Diablo, Starcraft, World of Warcraft, Hearthstone or Overwatch… Almost all of the famous licenses produced by the American studio Blizzard, a subsidiary of Activision Blizzard, were to become inaccessible in China, on the night of Monday January 23 to Tuesday January 24, at midnight. Its publishing agreement with the Chinese NetEase, which has been distributing its games in the country since 2008, has indeed ended. Blizzard is thus deprived of access to the world’s largest video game market, which represented 36.7 billion euros in 2022 (269 billion yuan), where foreign companies must enter into an agreement with a Chinese publisher to market their productions.
This suspension, formalized by NetEase in “a farewell letter” released on January 23, however, comes as no surprise. In November 2022, a press release from the creators of World of Warcraft already announced that they had failed to renew their partnership with the publisher based in Hangzhou, without specifying what were the sticking points. According to testimonies collected by the news agencies Bloomberg and Reuters, the estrangement relates not only to the amount of the agreements but also to the intellectual property of the securities – a point that NetEase denies.
Three months later, negotiations were still deadlocked. “Unfortunately, NetEase has refused to extend the game release for another six months while we find a new partner so everyone can keep playing”regretted the Californian company in a press release published on the Weibo social network on January 17.
The withdrawal of Blizzard’s iconic video games from China has become inevitable and is also causing significant discontent online, the Hong Kong daily points out. South China Morning Post. To try not to amplify it, Blizzard announced in December that users could make a full backup of their progress, characters or items collected, while a new contract is established with another company.
The rise of the Chinese market
The day after this declaration, NetEase was very critical of its former partner, in a press release published on the social network WeChat. The publisher terminated a contract “unequal and unfair”invoking “a lack of consideration” from the Americans “for gamers and NetEase”. The same day, a statue bearing the image of a weapon of World of Warcraft was dismantled from the garden of NetEase headquarters, reported on-site observers. Refunds for Blizzard products after the service has been suspended have been announced.
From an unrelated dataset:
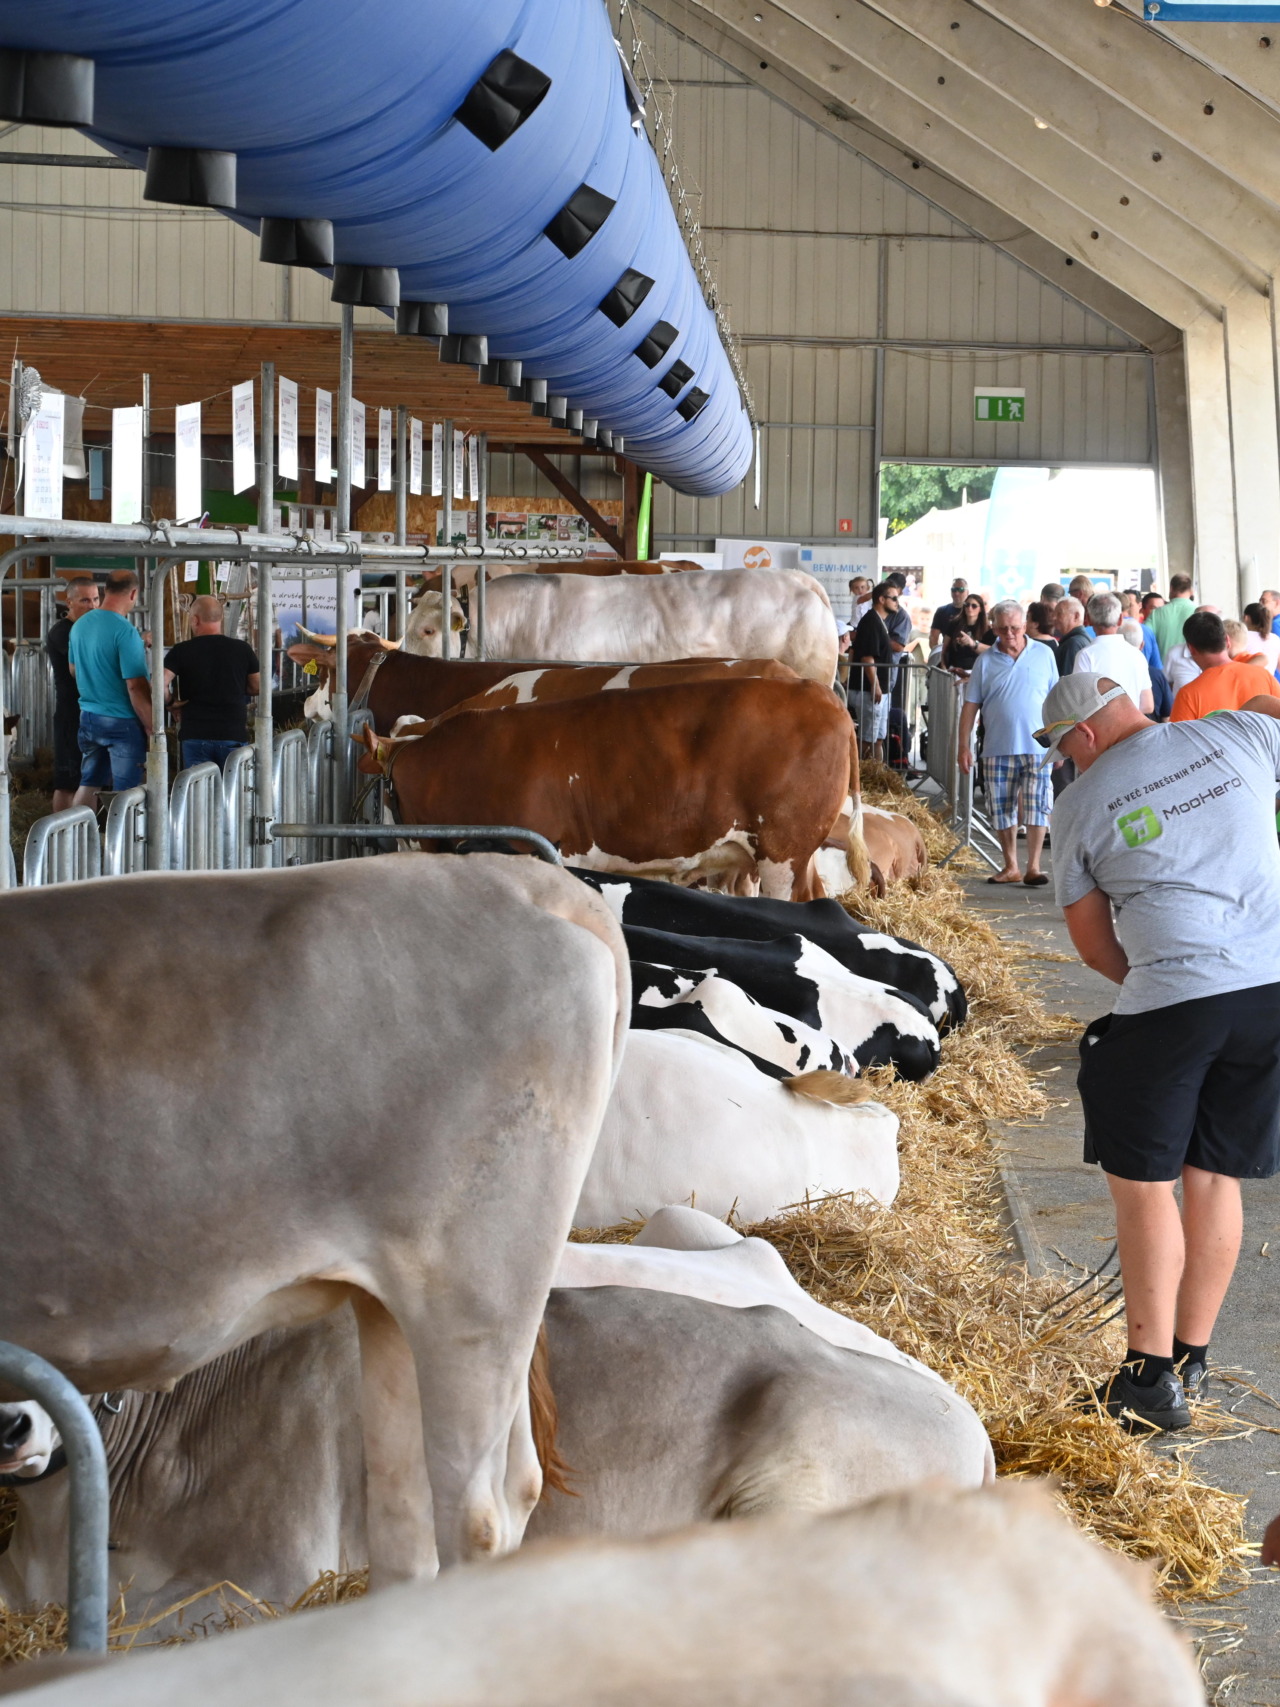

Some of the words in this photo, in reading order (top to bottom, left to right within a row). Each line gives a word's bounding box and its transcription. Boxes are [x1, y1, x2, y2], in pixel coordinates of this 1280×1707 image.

These public disapprovals, rare in the sector, show that the balance of power has changed between the two former partners. When their agreement was sealed in 2008, NetEase was dependent on Blizzard franchises, which represented more than 98% of its turnover. Propelled by this partnership as a major player in the Chinese market, the modest company has become the second largest publisher in the country, behind Tencent. It claimed 13.7 billion dollars (12.7 billion euros) in turnover in 2021, more than Activision Blizzard (8.1 billion dollars, or 7.5 billion euros), yet leader in the United States. This sector giant now has the means to buy other studios, for example the French Quantic Dream last August, and its catalog is very extensive. The exploitation of Blizzard’s licenses only covered 9% of its turnover in 2021: losing them is therefore not likely to be fatal to it.
However, the break is not complete. NetEase and Blizzard will continue to work together for a single game: Diablo Immortal, released in 2022 on PC and mobile. Unlike the previously mentioned titles, this one was co-developed by the two entities and thus benefits from a separate publishing contract.
Still, the stiffening of relations between NetEase and Activision Blizzard could portend other suspensions in the future. The publishing contract Minecraft Microsoft, also tied with NetEase, ends in August. The firm specializing in Asian markets Niko Partners fears that the same scenario will happen again, especially since in January 2022 Microsoft embarked… on the acquisition of Activision Blizzard.